はじめて出会った時、あいつはずぶ濡れで雨の中に立っていた。……思えば、あの時から惹かれていたのかも知れない。どこか寂しげな瞳をもつ、その少年に。その時、警察にでも連絡すればよかったのだろう。だが、とりあえず悪いやつには見えなかったので雨宿りさせてやることにした。話を聞いてみると、その少年、彰雄は家族に恵まれない孤独な身の上だった。俺は、同情してしまった。そして酒の勢いもあったのだろう、彰雄に同居することを許してしまった。近所の手前、彰雄は弟ということにしておいた。
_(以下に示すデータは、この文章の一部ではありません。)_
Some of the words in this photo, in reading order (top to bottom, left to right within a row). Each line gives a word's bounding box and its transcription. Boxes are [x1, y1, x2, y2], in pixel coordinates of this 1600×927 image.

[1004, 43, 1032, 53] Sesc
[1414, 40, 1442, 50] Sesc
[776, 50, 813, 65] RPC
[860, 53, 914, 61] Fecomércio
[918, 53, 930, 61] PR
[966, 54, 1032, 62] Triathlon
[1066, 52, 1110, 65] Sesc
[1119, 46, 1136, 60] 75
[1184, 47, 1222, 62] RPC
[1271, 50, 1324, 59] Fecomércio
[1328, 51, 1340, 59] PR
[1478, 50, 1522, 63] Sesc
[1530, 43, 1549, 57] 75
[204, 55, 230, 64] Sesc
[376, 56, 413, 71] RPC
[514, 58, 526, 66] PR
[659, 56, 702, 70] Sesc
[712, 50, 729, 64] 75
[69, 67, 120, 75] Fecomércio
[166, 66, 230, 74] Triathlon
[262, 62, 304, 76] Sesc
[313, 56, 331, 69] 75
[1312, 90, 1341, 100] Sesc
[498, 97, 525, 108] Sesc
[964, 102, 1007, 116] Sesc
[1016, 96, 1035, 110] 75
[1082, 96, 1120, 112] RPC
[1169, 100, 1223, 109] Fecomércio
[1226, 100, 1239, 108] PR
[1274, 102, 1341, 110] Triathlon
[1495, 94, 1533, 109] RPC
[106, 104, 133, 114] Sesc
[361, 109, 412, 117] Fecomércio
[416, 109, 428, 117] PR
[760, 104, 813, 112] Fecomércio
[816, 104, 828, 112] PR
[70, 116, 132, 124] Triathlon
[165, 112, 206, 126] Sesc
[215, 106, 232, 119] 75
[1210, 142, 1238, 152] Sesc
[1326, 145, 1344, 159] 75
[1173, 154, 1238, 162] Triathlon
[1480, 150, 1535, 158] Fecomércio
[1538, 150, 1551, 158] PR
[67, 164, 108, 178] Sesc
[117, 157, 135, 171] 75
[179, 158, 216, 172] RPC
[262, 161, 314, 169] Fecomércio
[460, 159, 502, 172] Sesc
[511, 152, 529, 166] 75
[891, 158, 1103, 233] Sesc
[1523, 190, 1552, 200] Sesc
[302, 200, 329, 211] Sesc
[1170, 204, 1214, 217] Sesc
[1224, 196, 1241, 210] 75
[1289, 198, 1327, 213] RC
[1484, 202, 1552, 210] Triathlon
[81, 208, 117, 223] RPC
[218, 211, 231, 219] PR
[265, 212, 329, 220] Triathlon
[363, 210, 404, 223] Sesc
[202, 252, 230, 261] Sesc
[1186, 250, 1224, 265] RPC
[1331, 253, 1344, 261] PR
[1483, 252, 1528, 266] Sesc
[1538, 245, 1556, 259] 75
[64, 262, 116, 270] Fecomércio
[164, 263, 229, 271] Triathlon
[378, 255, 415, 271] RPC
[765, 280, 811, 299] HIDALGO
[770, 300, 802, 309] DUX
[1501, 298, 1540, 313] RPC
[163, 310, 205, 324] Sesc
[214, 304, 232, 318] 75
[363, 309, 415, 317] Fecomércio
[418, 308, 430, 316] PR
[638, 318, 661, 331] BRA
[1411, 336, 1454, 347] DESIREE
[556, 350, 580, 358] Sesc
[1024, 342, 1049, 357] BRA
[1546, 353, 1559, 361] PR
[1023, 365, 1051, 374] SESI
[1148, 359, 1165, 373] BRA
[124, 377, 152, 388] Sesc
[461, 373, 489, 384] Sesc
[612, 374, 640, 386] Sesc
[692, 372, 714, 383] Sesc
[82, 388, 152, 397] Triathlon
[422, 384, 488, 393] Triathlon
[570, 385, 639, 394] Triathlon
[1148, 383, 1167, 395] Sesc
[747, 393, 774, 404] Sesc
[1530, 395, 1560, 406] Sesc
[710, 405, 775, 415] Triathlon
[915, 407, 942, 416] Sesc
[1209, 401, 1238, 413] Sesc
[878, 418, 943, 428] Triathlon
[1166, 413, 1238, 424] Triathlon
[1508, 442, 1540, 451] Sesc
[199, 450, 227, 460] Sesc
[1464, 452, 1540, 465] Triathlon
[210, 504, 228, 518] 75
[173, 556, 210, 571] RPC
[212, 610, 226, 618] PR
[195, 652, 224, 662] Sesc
だが、いっしょにいればいるほど俺は彰雄に惹かれていった。どうせ、いつかは出ていっちまうだろう彰雄に。最近、女づきあいがはげしくなったのも、きっと彰雄を忘れるためなんだ。そして今日も会社でもとびきりの美人にいっしょに帰ろうと誘われた。俺は頷いた。そこへ電話があった。彰雄がバイト先で倒れたというのだ。俺は、美人との約束を断って、彰雄のもとへと駆け出した。……やっぱり、彰雄が好きだ!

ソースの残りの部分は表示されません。